This evening on Prime Time (13th November 2012) a report on the rise of TB, the great and feared disease that haunted the land, rich and poor alike, has coincided with my reading of the very enjoyable autobiography “To Cure and to Care” of Dr James Deeny, the Chief Medical Adviser to the government was appointed in 1944 and serving until 1962 (there were several leaves of absence to the WHO).

He spearheaded the national campaign to eradicate the curse of TB from the lives of the people. Ironically according to Deeny this promise was made by him in frustration to the media and even though he was a civil servant who had committed the politicians to a campaign he was fully backed to proceed. This they did, utilising new technologies and drugs and leading a massive Sanatoria building programme, the money from the Sweepstakes made most of it possible in what were very difficult times.

Deeny was a doer, he saw a problem, he understood his job was to end these problems and he lived up to his public duty.

Tonight Prime Time showed that TB is coming back, to be found again in the most vulnerable and poor in our society. Today we have a health service incapable in moving rapidly to stamp out TB’s return not viewing it as a public health priority. An over centralised health service attempting to control and direct all the minutiae of the service has lost focus of the big picture.

TB was dealt with over sixty years ago by people who understood that those affected by TB needed better housing, good food, stability and compassionate health care.
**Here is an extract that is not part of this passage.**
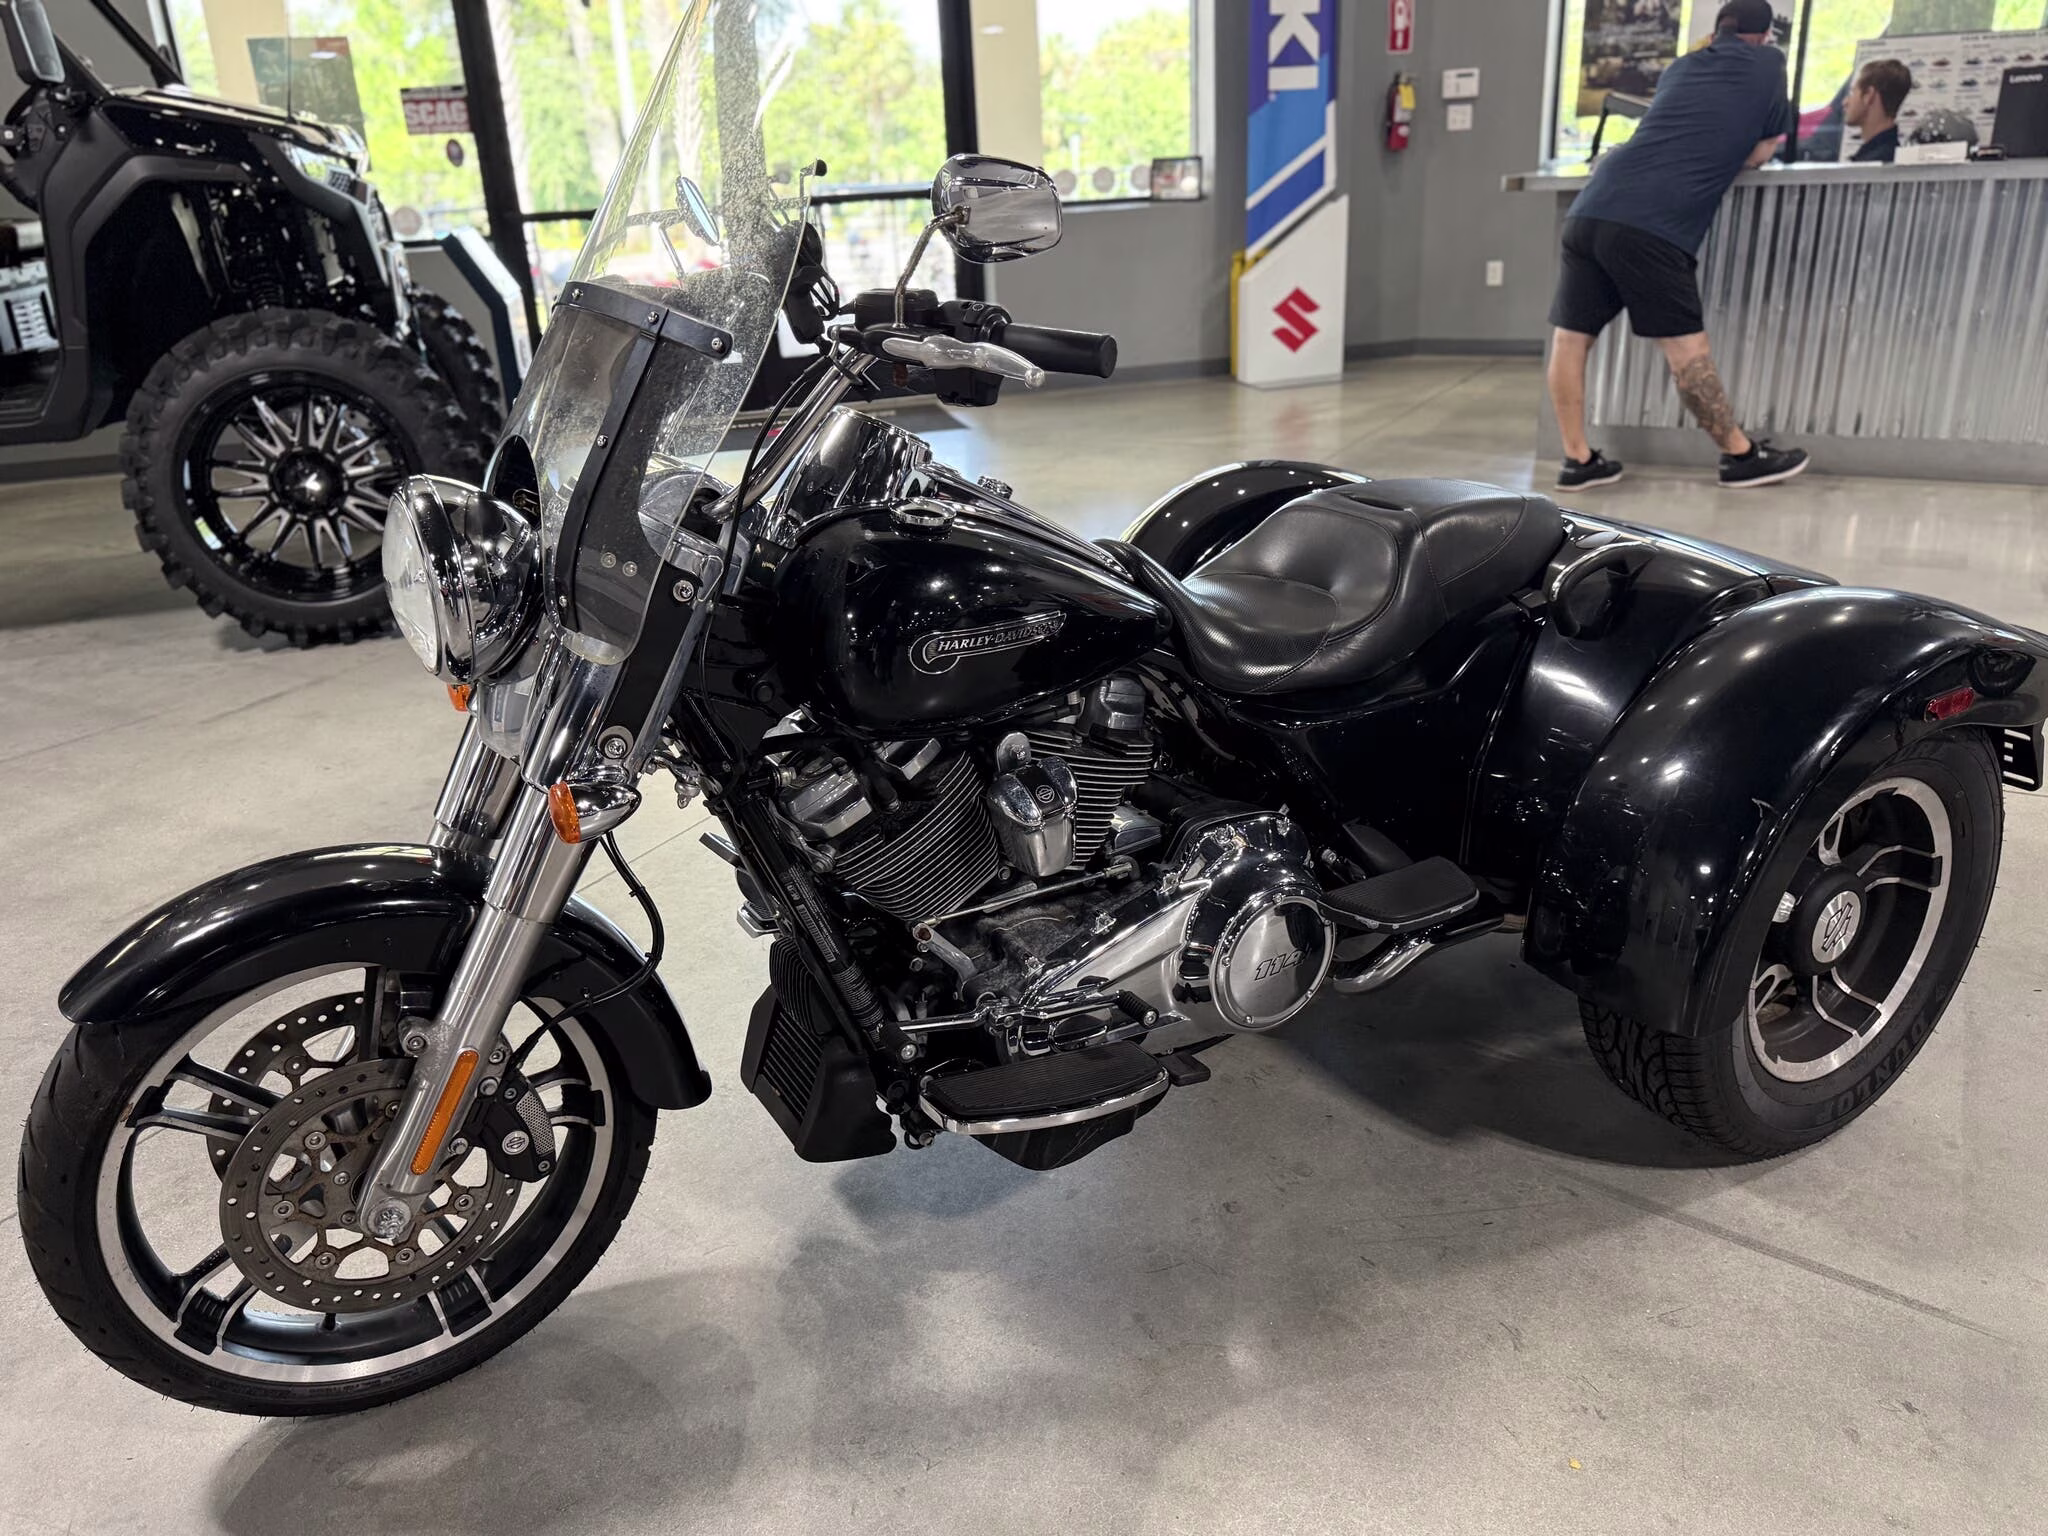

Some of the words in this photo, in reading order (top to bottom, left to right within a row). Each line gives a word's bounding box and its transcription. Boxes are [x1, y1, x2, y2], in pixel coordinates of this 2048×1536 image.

[2008, 73, 2044, 84] Lenovo
[404, 100, 468, 126] SCAG
[1255, 951, 1305, 981] 114
Prime Time highlighted that all these services have not been communicating and acting together to tackle the rise of TB. This wouldn’t cost a lot to deal with but acting early will save a lot, both for the public purse and people’s quality of life. These failures are inexcusable.

Deeny and his ilk were good people just doing their job – ordinary heroes, there is no reason why the good people in the health service today can’t come step forward and stop TB before it starts.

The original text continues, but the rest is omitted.